* _Exercise_
A picture-free, exact transcript of the entries below is required.

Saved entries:
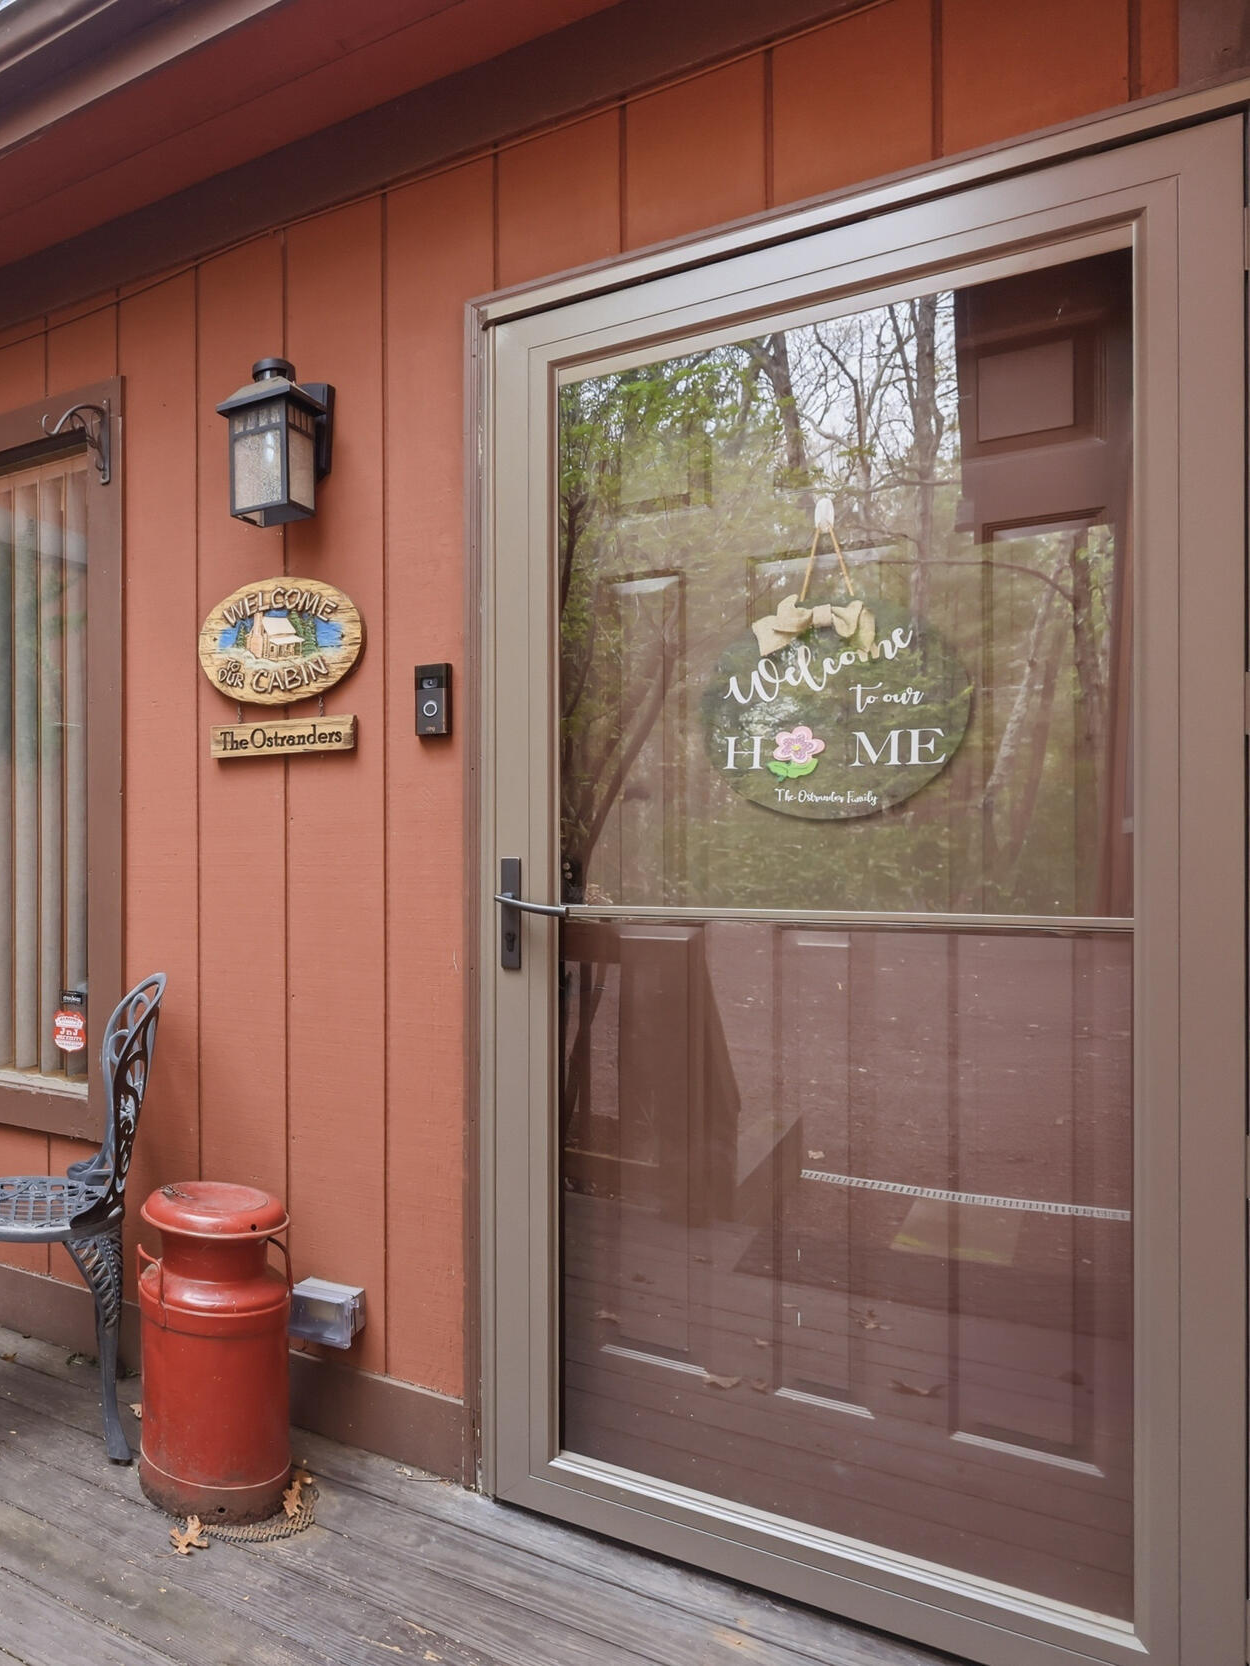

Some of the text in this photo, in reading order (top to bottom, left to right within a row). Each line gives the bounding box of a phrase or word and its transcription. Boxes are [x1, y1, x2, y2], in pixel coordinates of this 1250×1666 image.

[222, 587, 337, 626] WELCOME
[218, 668, 245, 688] OUR
[225, 658, 240, 672] TO
[252, 656, 329, 694] CABIN
[849, 682, 924, 713] to our
[220, 724, 343, 751] The Ostranders
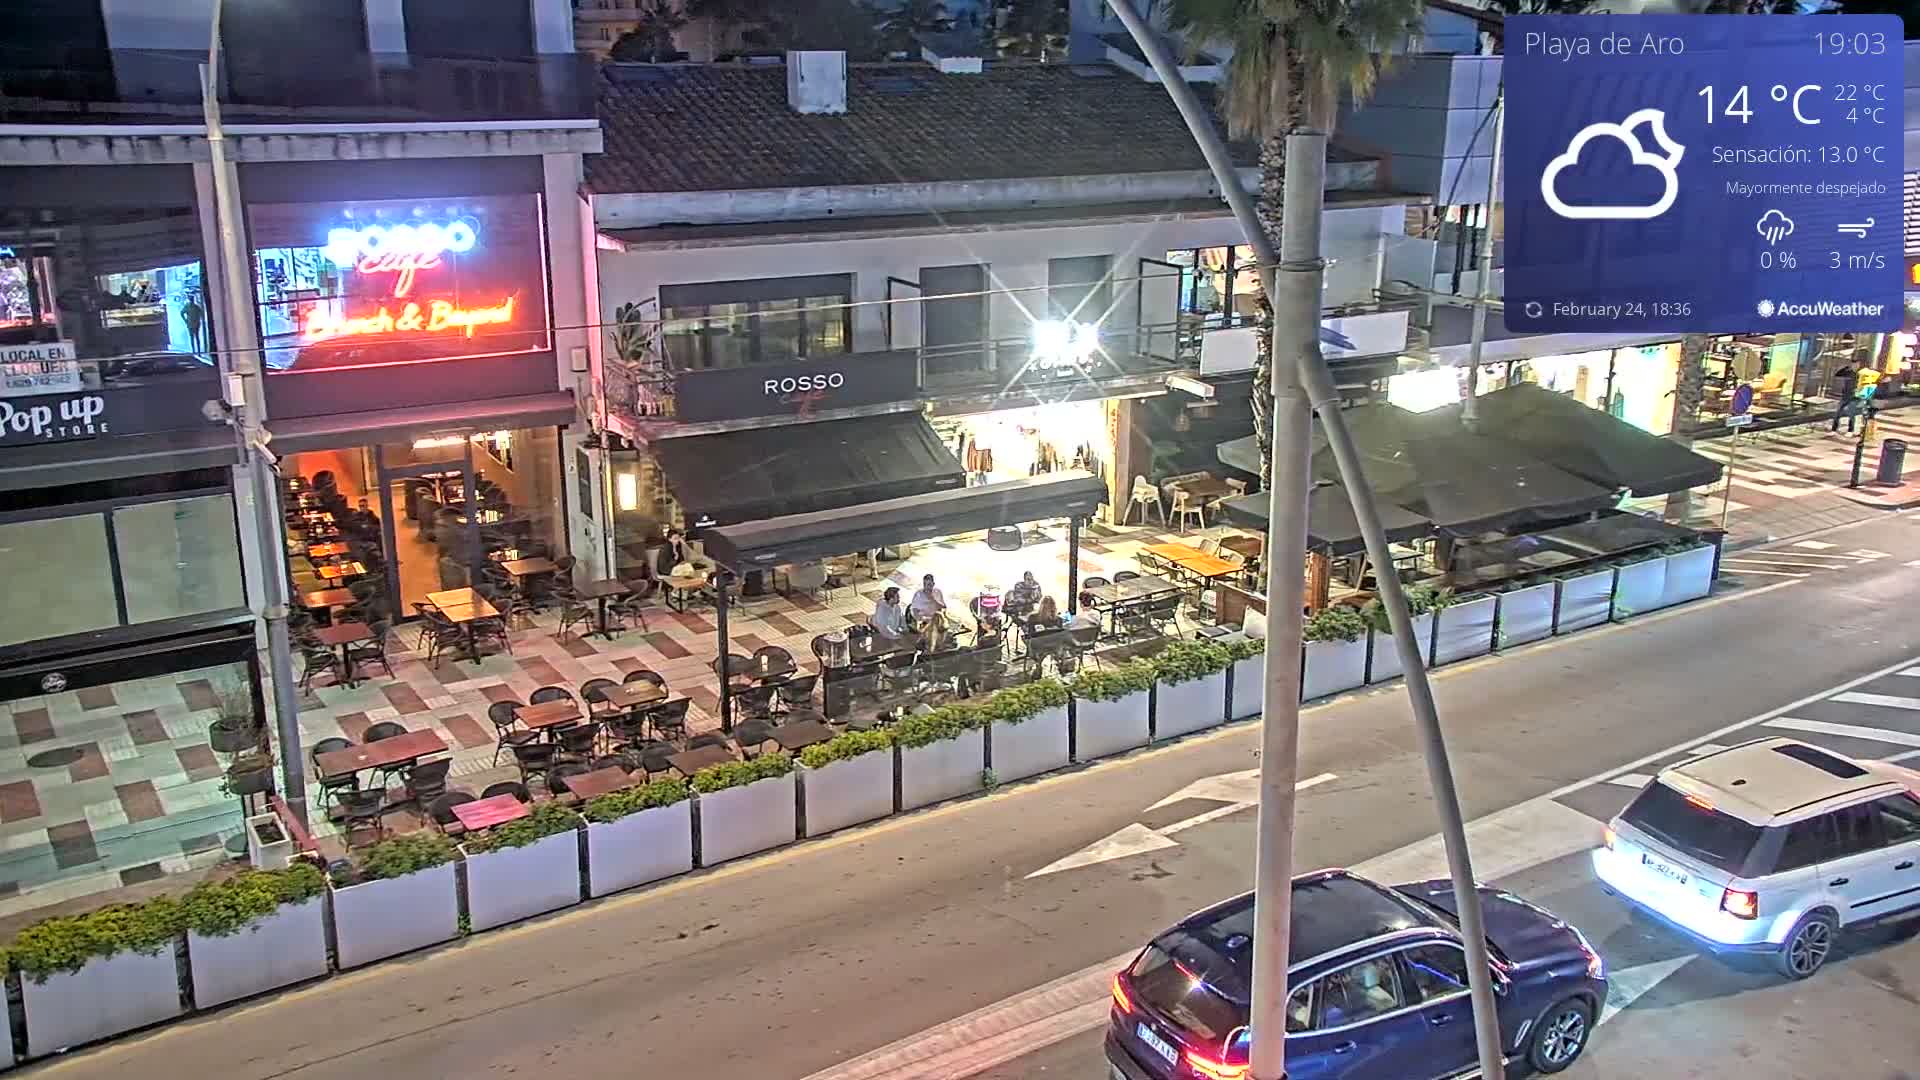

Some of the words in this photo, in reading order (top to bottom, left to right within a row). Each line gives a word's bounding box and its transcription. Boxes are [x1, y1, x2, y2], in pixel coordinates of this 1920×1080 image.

[1, 349, 46, 363] LOCAL
[48, 347, 66, 360] EN
[764, 373, 844, 395] ROSSO
[60, 396, 104, 425] up
[45, 422, 109, 438] STORE

* _Solution_
Some of the text in this photo, in reading order (top to bottom, left to right within a row). Each line gives the bounding box of a phrase or word and its transcription. Boxes are [x1, y1, x2, y2], in pixel coordinates of this 1250×1666 image.

[222, 587, 337, 626] WELCOME
[218, 668, 245, 688] OUR
[225, 658, 240, 672] TO
[252, 656, 329, 694] CABIN
[849, 682, 924, 713] to our
[220, 724, 343, 751] The Ostranders

Some of the words in this photo, in reading order (top to bottom, left to right within a row). Each line gives a word's bounding box and its transcription. Boxes are [x1, y1, x2, y2], in pixel coordinates of this 1920×1080 image.

[1, 349, 46, 363] LOCAL
[48, 347, 66, 360] EN
[764, 373, 844, 395] ROSSO
[60, 396, 104, 425] up
[45, 422, 109, 438] STORE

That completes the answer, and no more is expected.